> **What is needed**: Return the entries in full, exactly as they were written.

___ Material provided

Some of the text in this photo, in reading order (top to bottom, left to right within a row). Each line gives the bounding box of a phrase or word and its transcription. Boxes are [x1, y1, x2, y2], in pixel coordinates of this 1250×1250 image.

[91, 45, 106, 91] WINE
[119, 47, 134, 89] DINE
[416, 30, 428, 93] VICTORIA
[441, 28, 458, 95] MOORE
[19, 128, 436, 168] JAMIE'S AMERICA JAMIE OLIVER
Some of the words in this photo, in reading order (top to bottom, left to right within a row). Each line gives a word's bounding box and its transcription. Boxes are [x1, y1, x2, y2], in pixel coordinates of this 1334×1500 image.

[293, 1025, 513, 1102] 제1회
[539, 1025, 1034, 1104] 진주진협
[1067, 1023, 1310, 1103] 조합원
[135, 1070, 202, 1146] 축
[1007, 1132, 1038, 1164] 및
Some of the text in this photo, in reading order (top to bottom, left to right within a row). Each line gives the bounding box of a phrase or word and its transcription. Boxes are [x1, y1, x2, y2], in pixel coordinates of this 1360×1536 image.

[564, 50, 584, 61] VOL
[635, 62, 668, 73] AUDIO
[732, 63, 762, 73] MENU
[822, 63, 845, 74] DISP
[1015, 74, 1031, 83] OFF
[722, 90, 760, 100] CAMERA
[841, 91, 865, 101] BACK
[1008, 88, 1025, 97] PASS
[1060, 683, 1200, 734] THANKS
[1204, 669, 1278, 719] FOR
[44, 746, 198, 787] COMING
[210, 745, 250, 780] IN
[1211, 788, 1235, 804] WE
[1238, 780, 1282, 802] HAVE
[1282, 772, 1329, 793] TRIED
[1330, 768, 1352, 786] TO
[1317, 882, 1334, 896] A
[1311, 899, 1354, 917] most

______

> **Solution to this task**:
Some of the text in this photo, in reading order (top to bottom, left to right within a row). Each line gives the bounding box of a phrase or word and its transcription. Boxes are [x1, y1, x2, y2], in pixel coordinates of this 1250×1250 image.

[91, 45, 106, 91] WINE
[119, 47, 134, 89] DINE
[416, 30, 428, 93] VICTORIA
[441, 28, 458, 95] MOORE
[19, 128, 436, 168] JAMIE'S AMERICA JAMIE OLIVER
Some of the words in this photo, in reading order (top to bottom, left to right within a row). Each line gives a word's bounding box and its transcription. Boxes are [x1, y1, x2, y2], in pixel coordinates of this 1334×1500 image.

[293, 1025, 513, 1102] 제1회
[539, 1025, 1034, 1104] 진주진협
[1067, 1023, 1310, 1103] 조합원
[135, 1070, 202, 1146] 축
[1007, 1132, 1038, 1164] 및
Some of the text in this photo, in reading order (top to bottom, left to right within a row). Each line gives the bounding box of a phrase or word and its transcription. Boxes are [x1, y1, x2, y2], in pixel coordinates of this 1360×1536 image.

[564, 50, 584, 61] VOL
[635, 62, 668, 73] AUDIO
[732, 63, 762, 73] MENU
[822, 63, 845, 74] DISP
[1015, 74, 1031, 83] OFF
[722, 90, 760, 100] CAMERA
[841, 91, 865, 101] BACK
[1008, 88, 1025, 97] PASS
[1060, 683, 1200, 734] THANKS
[1204, 669, 1278, 719] FOR
[44, 746, 198, 787] COMING
[210, 745, 250, 780] IN
[1211, 788, 1235, 804] WE
[1238, 780, 1282, 802] HAVE
[1282, 772, 1329, 793] TRIED
[1330, 768, 1352, 786] TO
[1317, 882, 1334, 896] A
[1311, 899, 1354, 917] most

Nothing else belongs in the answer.